Added 2025-06-04 07:56:41 +0000 UTCThey landed hard.
The moment solid ground formed beneath his boots, Harry let go of Daphne. Her fingers slipped from his arm as he took a single step forward — then another — before his knees buckled.
His stomach clenched like it had been hexed.
He dropped, one hand bracing against the warped floorboards, and vomited.
The sound was wet and ugly in the stillness. Acid burned up his throat, but it wasn’t the sickness that made it rise. But the devastation inside the Ministry courtroom refused to leave his sight, as if somebody had cast a permanent sticking charm and pasted it in the forefront of his thoughts.
He had just wanted to get away. Needed a moment without their stares. Their accusing looks, telling him that he was the monster they believed him to be. Because the truth was…
He was afraid too.
Not of them, but himself.
“You okay?” Daphne asked.
He was not.
He spat again, wiped the corner of his mouth with his sleeve.
Behind him, Daphne hadn’t moved. Not a word. Just quiet breathing and the soft scuff of her boot shifting slightly on cracked wood.
Harry exhaled slowly, knuckles tight against the floor.
Daphne looked at the studio apartment around her. The entire place reeked of burnt wood and a sour tang of what could only be obscurial energy. Hairline cracks spidered across the ceiling, and the eastern wall had partially collapsed, exposing fractured brick and jagged plaster. Sunlight speared in through the hole, sharp and indifferent.

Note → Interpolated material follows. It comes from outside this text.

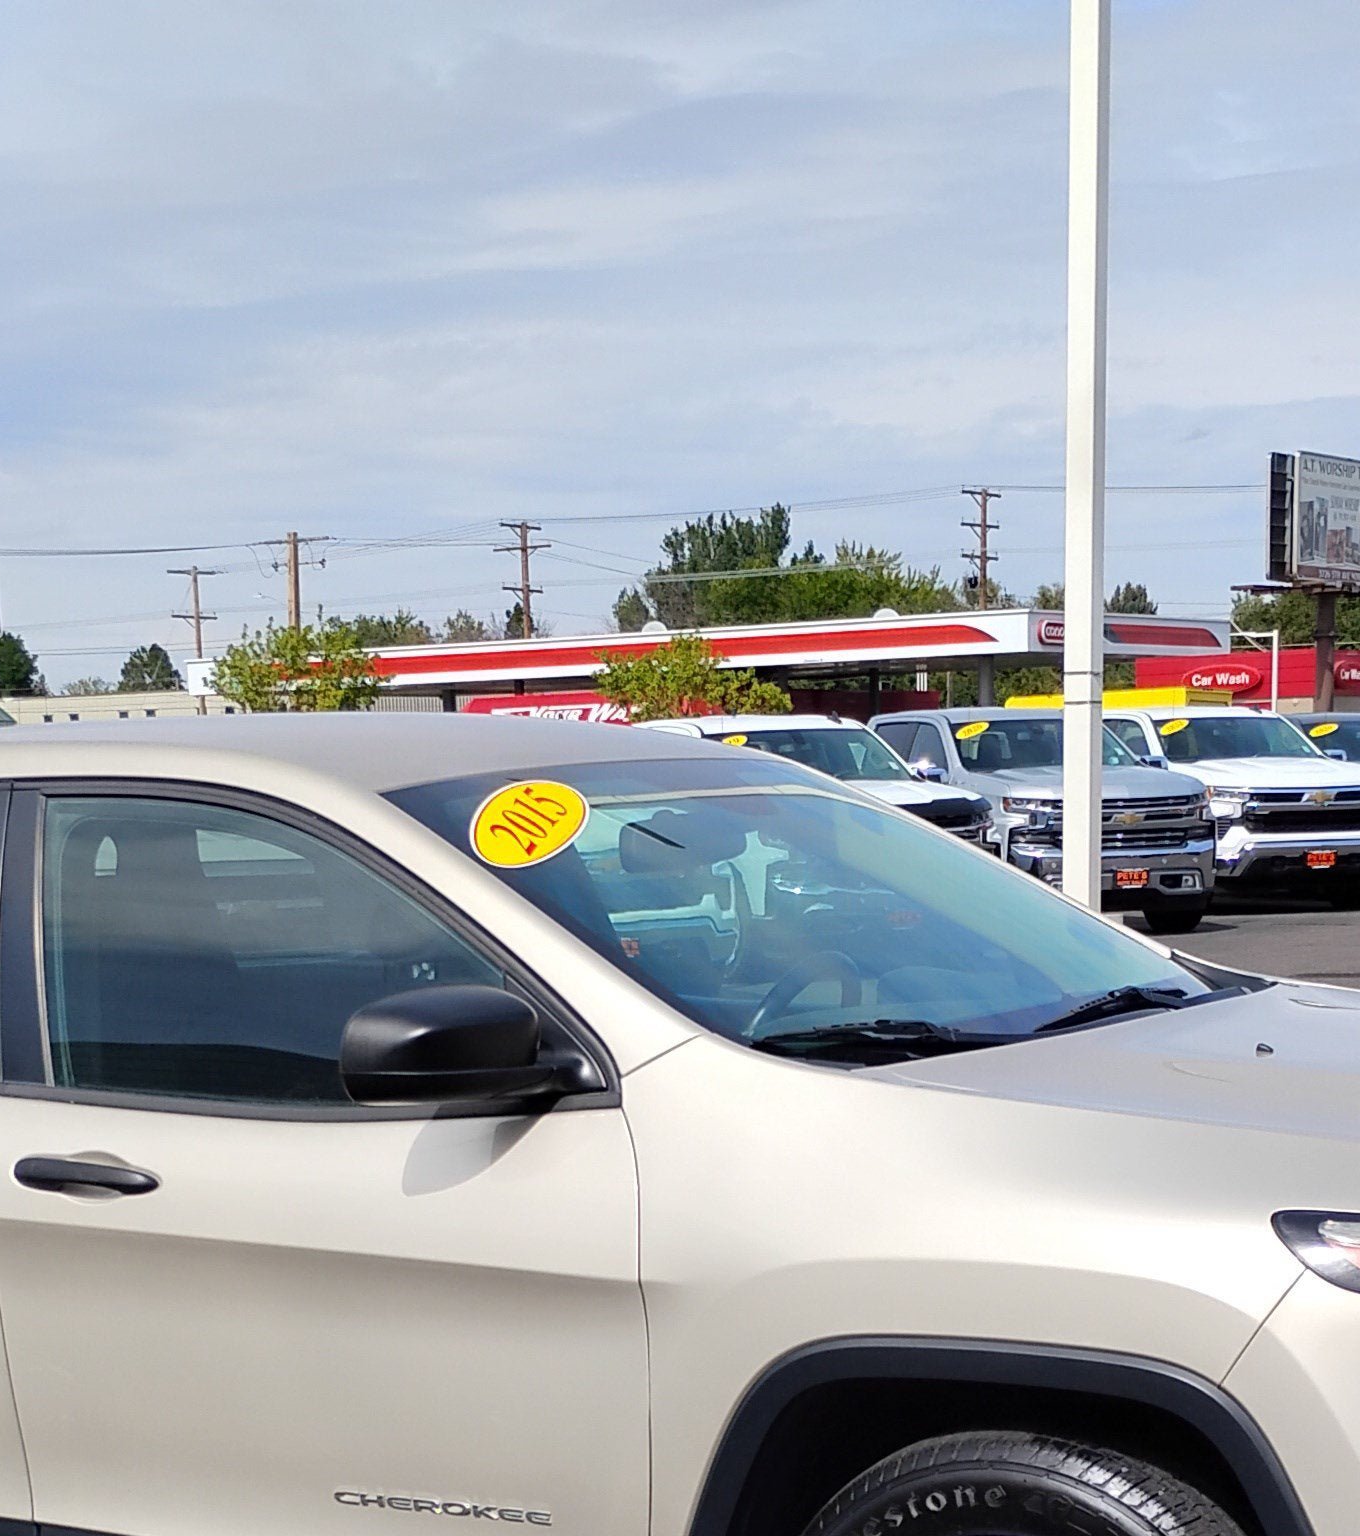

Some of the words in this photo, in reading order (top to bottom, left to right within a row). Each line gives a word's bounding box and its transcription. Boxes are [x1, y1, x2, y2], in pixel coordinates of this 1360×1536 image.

Beneath their feet, the floor groaned. The floorboards were warped, blackened at the edges. A fine layer of soot clung to everything. Near the hearth, what remained of a chair slouched sideways, half its frame splintered and the cushion gutted like prey.
A shattered bookshelf had vomited its contents across the room. Pages curled like autumn leaves, most of them scorched or reduced to ash. The wall by the kitchenette was stained with the raw magical residue of something explosive and furious, long since cooled but not forgotten.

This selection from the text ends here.